= Task instructions =
Without changing a character, return the entries, but not the images they hold.

[Collected data]

------------------------------------------------

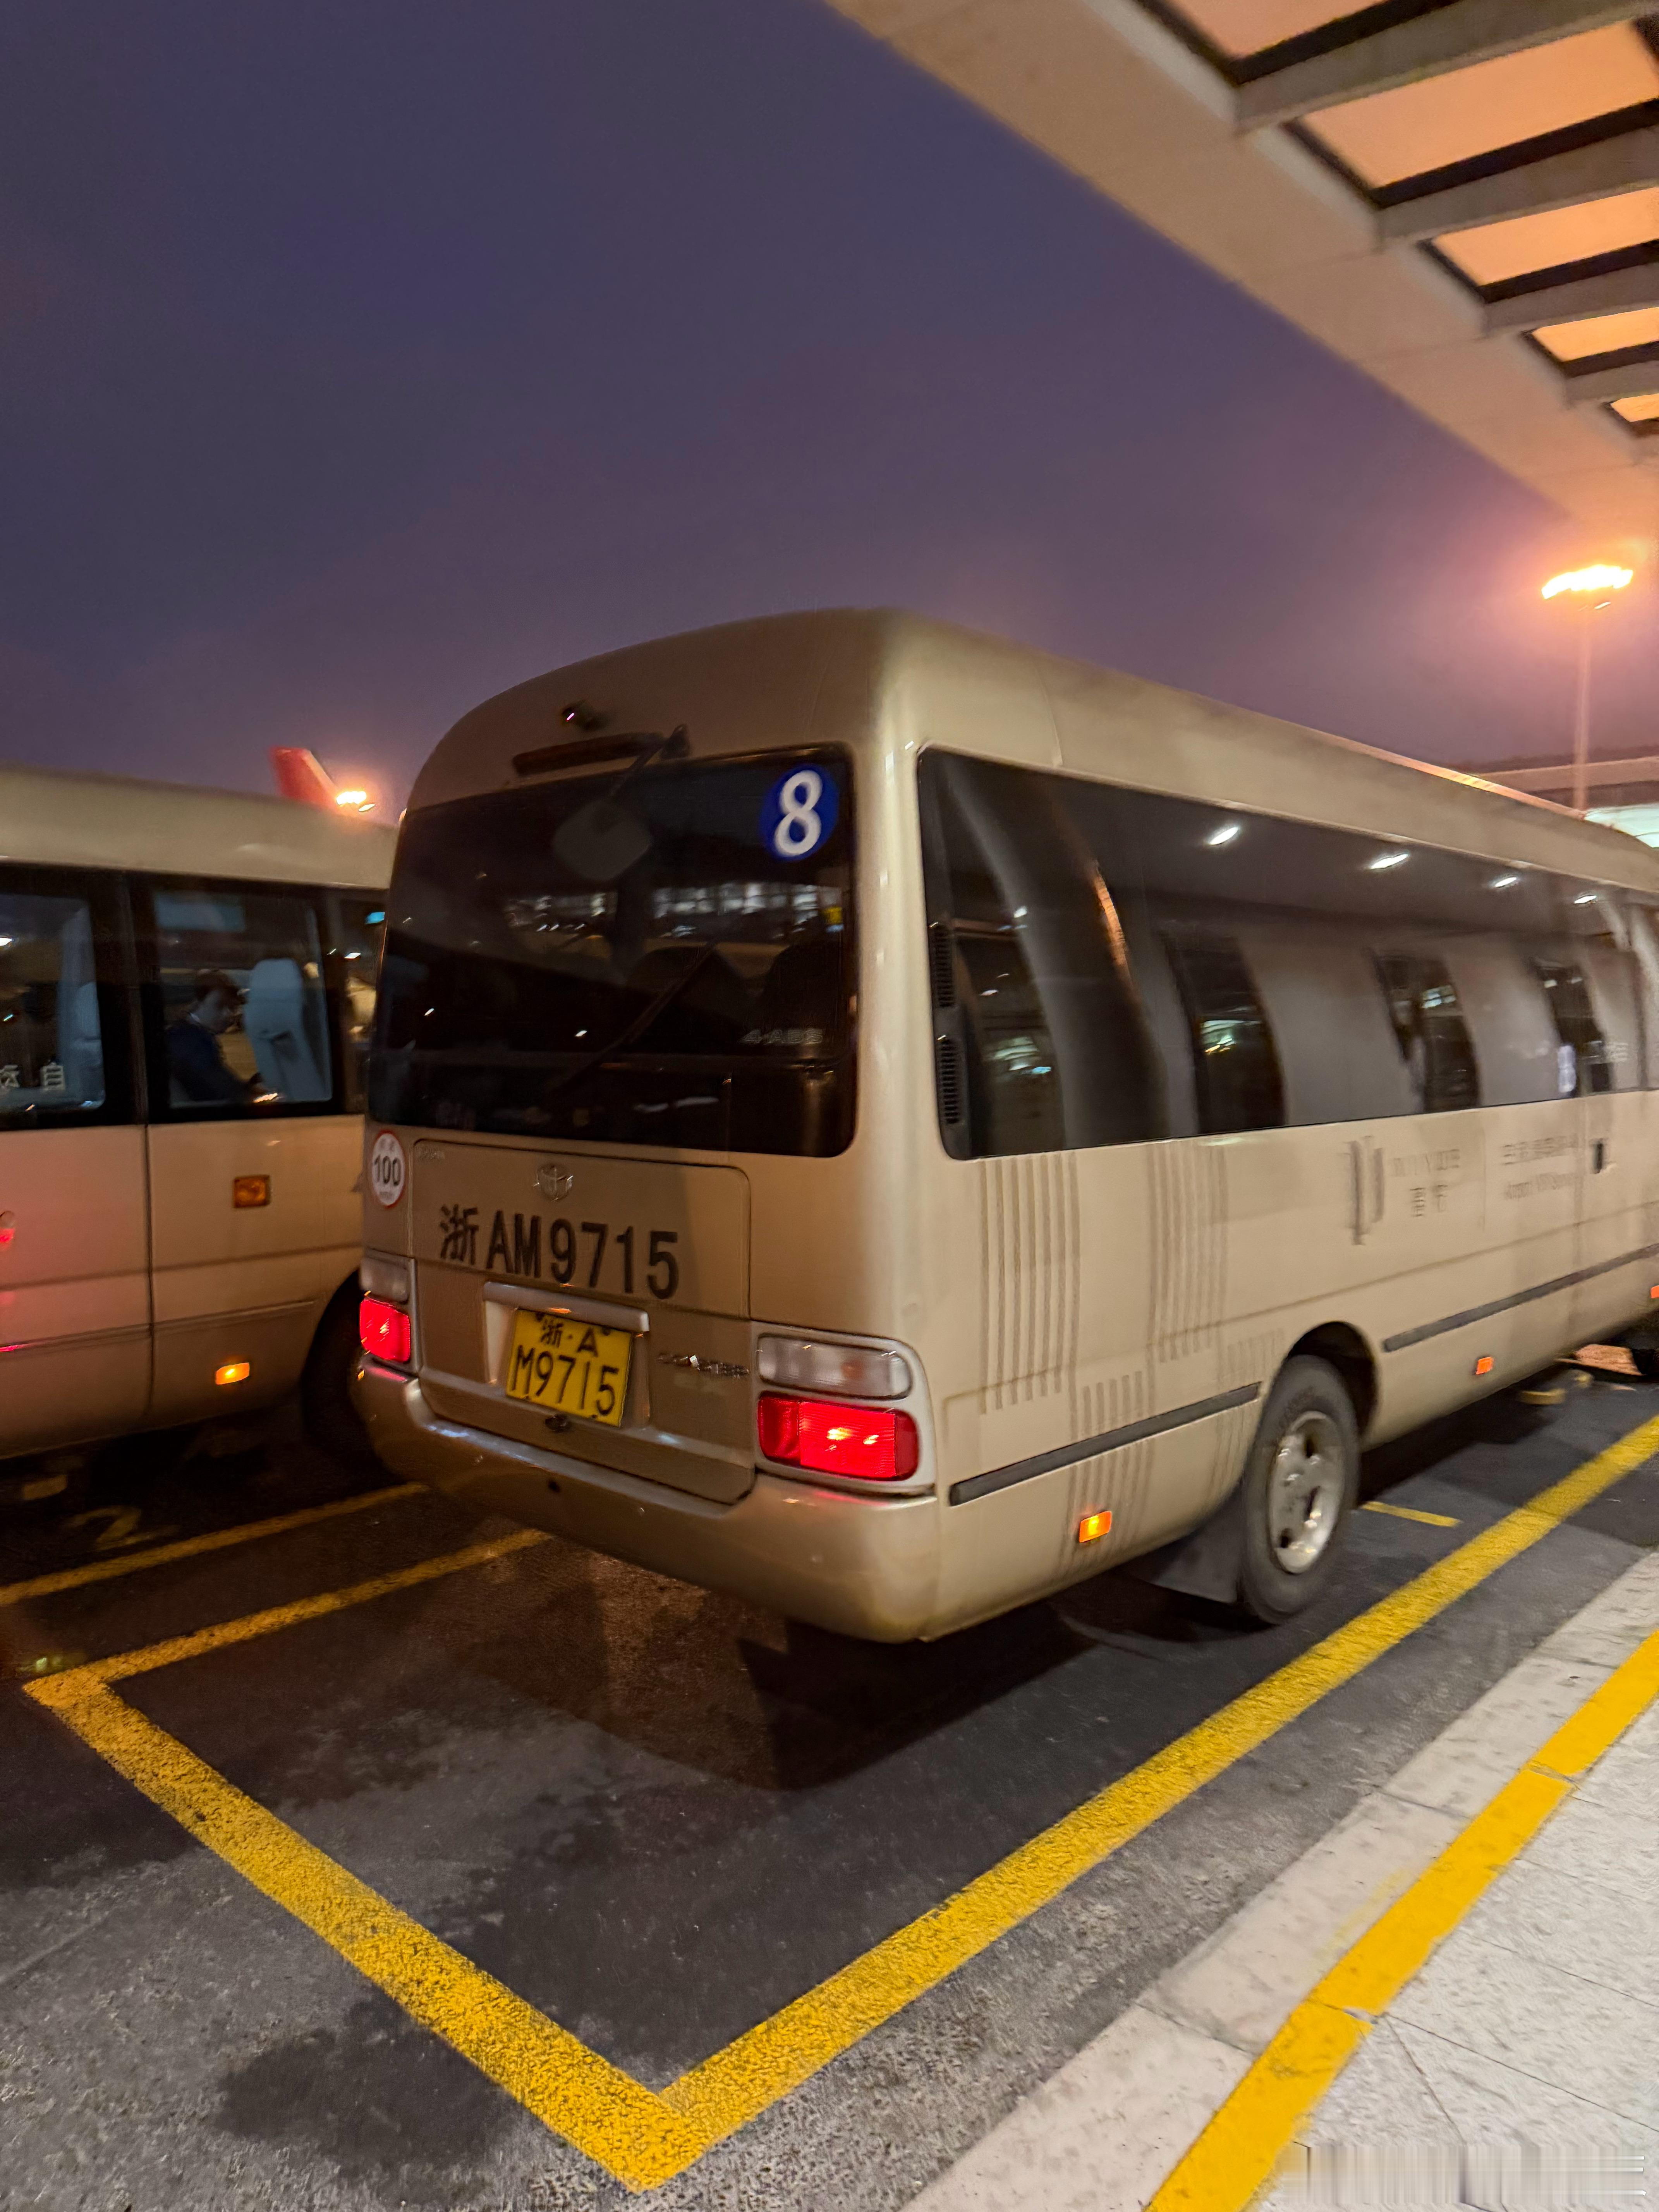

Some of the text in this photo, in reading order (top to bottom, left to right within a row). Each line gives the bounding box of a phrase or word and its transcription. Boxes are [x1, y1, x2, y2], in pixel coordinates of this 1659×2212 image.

[775, 770, 823, 857] 8
[374, 1154, 402, 1186] 100
[439, 1204, 679, 1299] 浙AM9715
[511, 1345, 619, 1415] M9715

------------------------------------------------

= Response =
Some of the text in this photo, in reading order (top to bottom, left to right within a row). Each line gives the bounding box of a phrase or word and its transcription. Boxes are [x1, y1, x2, y2], in pixel coordinates of this 1659×2212 image.

[775, 770, 823, 857] 8
[374, 1154, 402, 1186] 100
[439, 1204, 679, 1299] 浙AM9715
[511, 1345, 619, 1415] M9715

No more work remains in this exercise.